El asalto a los grandes almacenes Molodezhni en 1986 por parte de antiguos policías y espías dejó un reguero de cadáveres

María R. Sahuquillo
Agentes de la policía cerca de un coche que se sospecha que usaron los atracadores de los almacenes Molodezhni en 1986, en una imagen aparecida en un documental.
Agentes de la policía cerca de un coche que se sospecha que usaron los atracadores de los almacenes Molodezhni en 1986, en una imagen aparecida en un documental.

Igor Kniguin y Valeri Fineev llevaban tiempo saltando de un lado al otro de la ley. Expolicías, despedidos del cuerpo con deshonor, decidieron cambiar definitivamente de bando. Escogieron el lugar para su gran golpe al milímetro: los grandes almacenes Molodezhni, en el oeste de Moscú. Y sumaron a la banda a un exmilitar y a un agente del KGB prejubilado. Personas con experiencia en la persecución de crímenes para cometer el que sería considerado como el mayor atraco de la historia de la Unión Soviética hasta la época. Un gran golpe que dejó un reguero de cadáveres.
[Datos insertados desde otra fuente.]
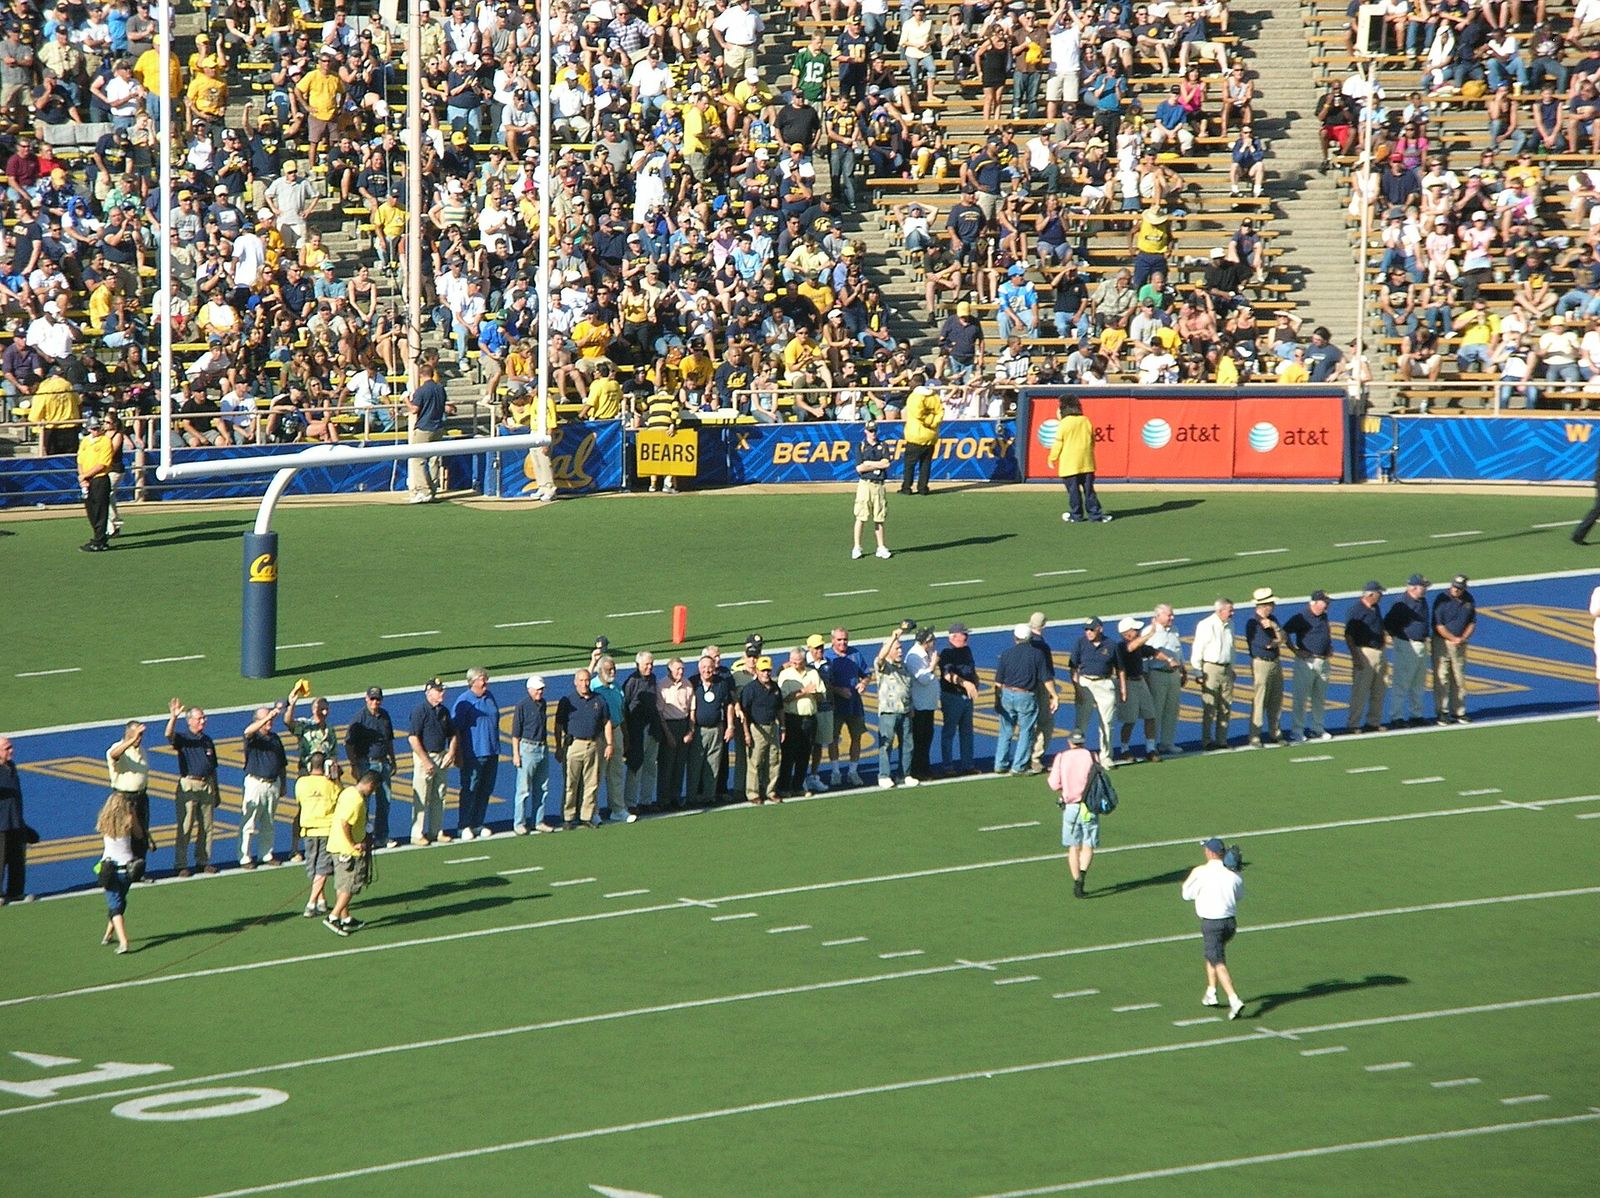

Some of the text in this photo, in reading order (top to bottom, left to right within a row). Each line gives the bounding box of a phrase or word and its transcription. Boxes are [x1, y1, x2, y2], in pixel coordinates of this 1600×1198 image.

[804, 61, 825, 83] 12
[726, 371, 747, 389] Cal
[1176, 424, 1221, 443] at&t
[1283, 427, 1329, 446] at&t
[1565, 423, 1593, 443] W
[640, 443, 695, 463] BEARS
[773, 440, 851, 464] BEAR
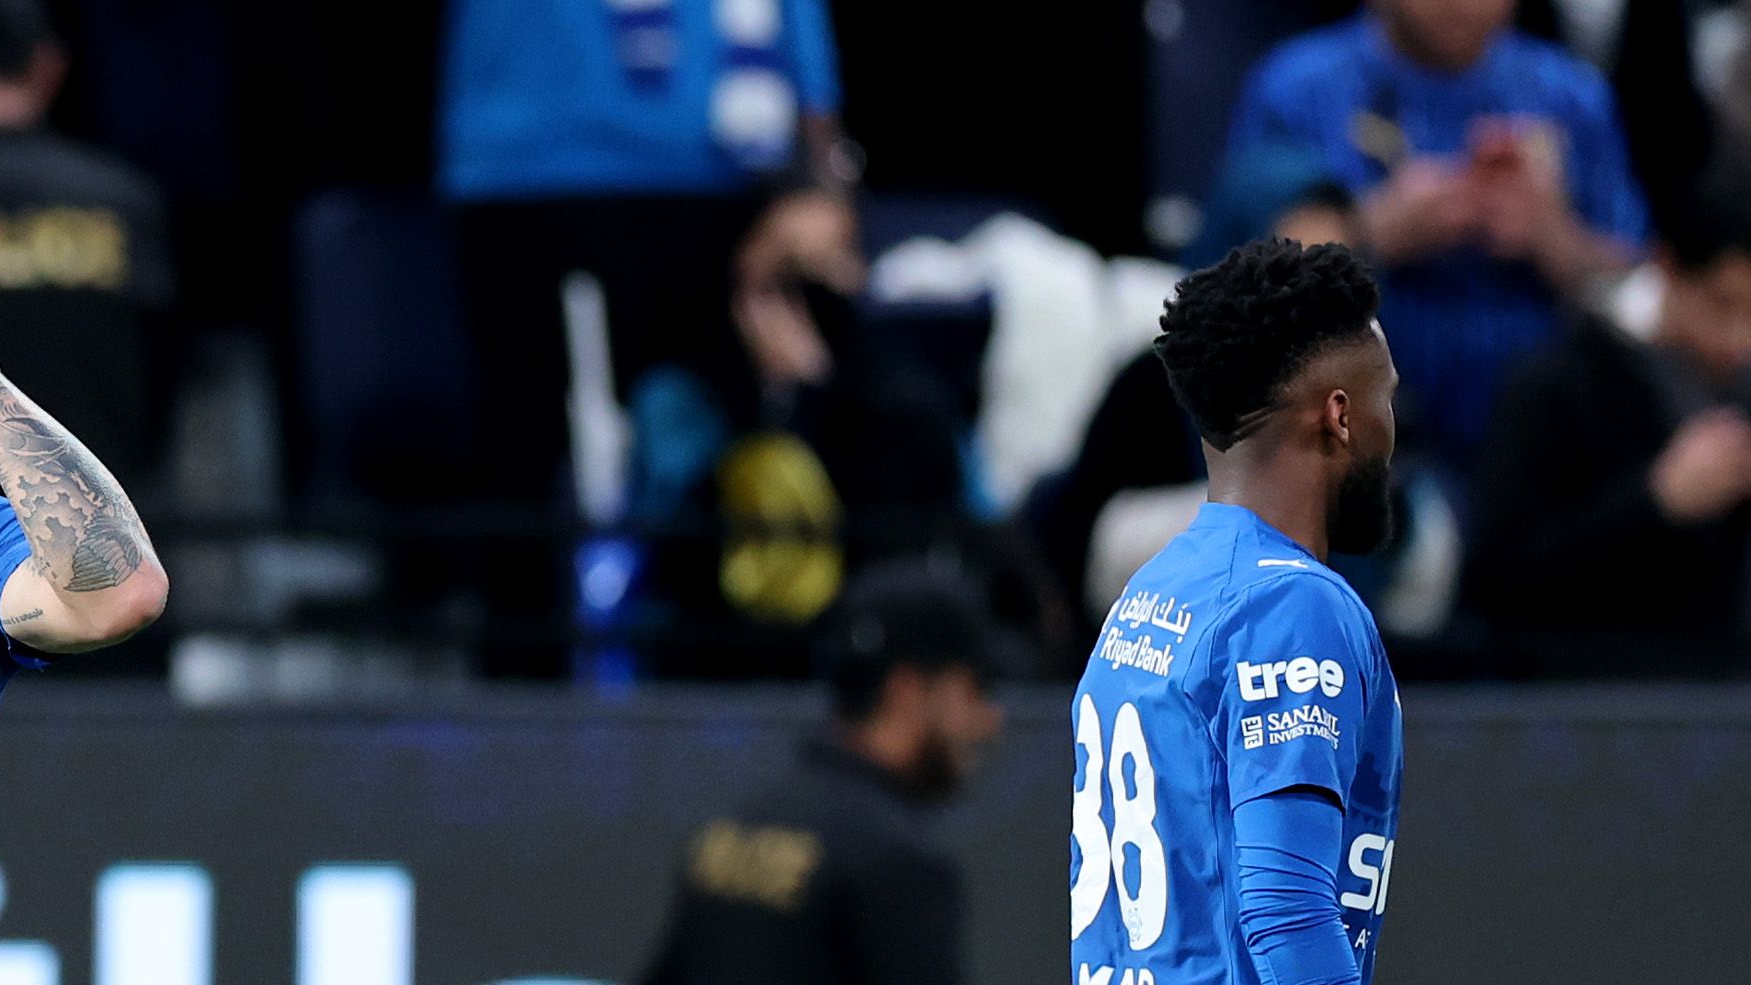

Pero el plan del 14 de noviembre de 1986 no salió como esperaban. El mayúsculo robo de los almacenes Molodezhni fue una calamidad detrás de otra. Y llevó a sus autores a la tumba o a la cárcel. Todo con un secretismo inmenso. Hacía poco que la apertura de la perestroika había echado a andar, y las autoridades soviéticas se afanaron por tapar un acto criminal sin precedentes. No solo había sido cometido por antiguos agentes de las fuerzas del orden, sino que además destruía la imagen que se habían afanado por construir: que las organizaciones criminales y mafiosas solo existían en los países burgueses. Y en las películas.

La policía Vera Alfímova, asesinada durante el atraco.
La policía Vera Alfímova, asesinada durante el atraco.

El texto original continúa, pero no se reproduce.